-- Opening Marker --

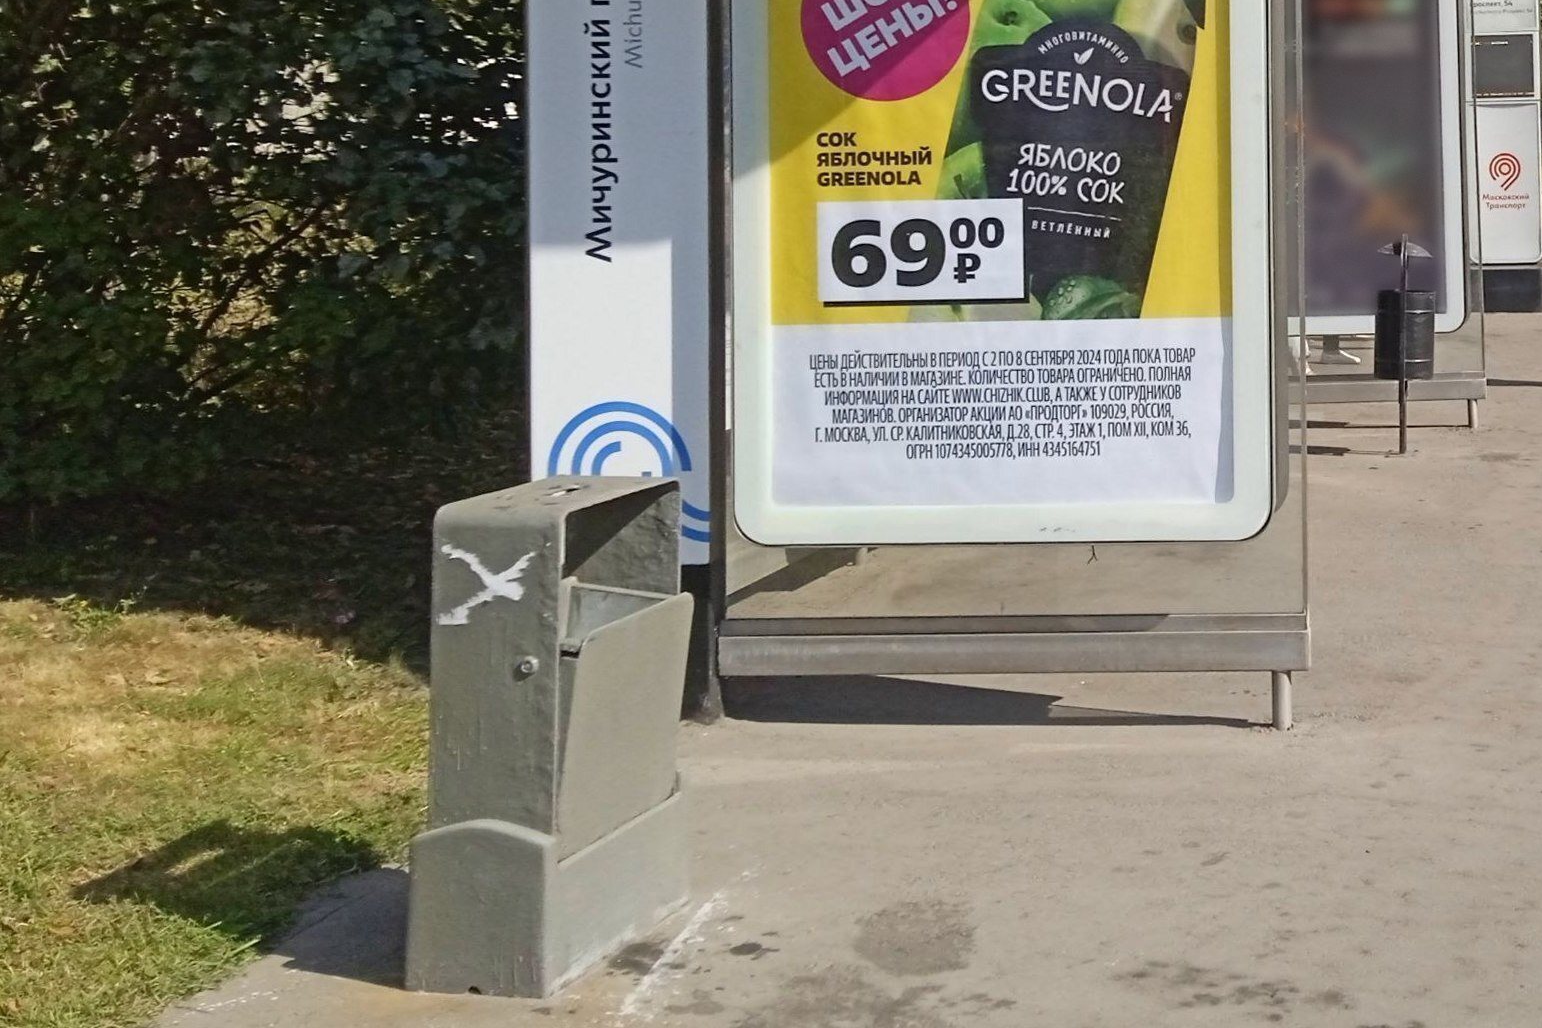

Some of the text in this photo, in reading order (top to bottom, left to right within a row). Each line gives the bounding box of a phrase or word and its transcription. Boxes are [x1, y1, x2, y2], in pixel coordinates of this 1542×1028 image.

[1037, 30, 1129, 64] МНОГОВИТАМИННО
[584, 19, 619, 263] Мичуринский
[816, 131, 857, 148] СОК
[816, 146, 932, 167] ЯБЛОЧНЫЙ
[1017, 142, 1122, 176] ЯБЛОКО
[816, 170, 922, 187] GREENOLA
[1006, 168, 1126, 204] 100% СОК
[810, 348, 1196, 371] ЦЕНЫ ДЕЙСТВИТЕЛЬНЫ В ПЕРИОД С 2 ПО 8 СЕНТЯБРЯ 2024 ГОДА ПОКА ТОВАР
[814, 366, 1191, 388] ЕСТЬ В НАЛИЧИИ В МАГАЗИНЕ. КОЛИЧЕСТВО ТОВАРА ОГРАНИЧЕНО. ПОЛНАЯ
[824, 389, 899, 407] ИНФОРМАЦИЯ
[901, 389, 915, 404] НА
[918, 386, 950, 404] САЙТЕ
[1055, 387, 1062, 402] А
[1064, 386, 1098, 402] ТАКЖЕ
[1100, 385, 1106, 401] У
[1108, 384, 1182, 402] СОТРУДНИКОВ
[832, 403, 1174, 424] МАГАЗИНОВ. ОРГАНИЗАТОР АКЦИИ АО «ПРОДТОРГ» 109029, РОССИЯ,
[815, 420, 1192, 444] Г. МОСКВА, УЛ. СР. КАЛИТНИКОВСКАЯ, Д.28, СТР. 4, ЭТАЖ 1, ПОМ XII, КОМ 36,
[906, 440, 1100, 460] ОГРН 1074345005778, ИНН 4345164751

-- Closing Marker --

**WHAT THE TASK REQUIRES:** Once the pictures are removed, return the entries exactly as they stand.

**ANSWER BOX:**
Some of the text in this photo, in reading order (top to bottom, left to right within a row). Each line gives the bounding box of a phrase or word and its transcription. Boxes are [x1, y1, x2, y2], in pixel coordinates of this 1542×1028 image.

[1037, 30, 1129, 64] МНОГОВИТАМИННО
[584, 19, 619, 263] Мичуринский
[816, 131, 857, 148] СОК
[816, 146, 932, 167] ЯБЛОЧНЫЙ
[1017, 142, 1122, 176] ЯБЛОКО
[816, 170, 922, 187] GREENOLA
[1006, 168, 1126, 204] 100% СОК
[810, 348, 1196, 371] ЦЕНЫ ДЕЙСТВИТЕЛЬНЫ В ПЕРИОД С 2 ПО 8 СЕНТЯБРЯ 2024 ГОДА ПОКА ТОВАР
[814, 366, 1191, 388] ЕСТЬ В НАЛИЧИИ В МАГАЗИНЕ. КОЛИЧЕСТВО ТОВАРА ОГРАНИЧЕНО. ПОЛНАЯ
[824, 389, 899, 407] ИНФОРМАЦИЯ
[901, 389, 915, 404] НА
[918, 386, 950, 404] САЙТЕ
[1055, 387, 1062, 402] А
[1064, 386, 1098, 402] ТАКЖЕ
[1100, 385, 1106, 401] У
[1108, 384, 1182, 402] СОТРУДНИКОВ
[832, 403, 1174, 424] МАГАЗИНОВ. ОРГАНИЗАТОР АКЦИИ АО «ПРОДТОРГ» 109029, РОССИЯ,
[815, 420, 1192, 444] Г. МОСКВА, УЛ. СР. КАЛИТНИКОВСКАЯ, Д.28, СТР. 4, ЭТАЖ 1, ПОМ XII, КОМ 36,
[906, 440, 1100, 460] ОГРН 1074345005778, ИНН 4345164751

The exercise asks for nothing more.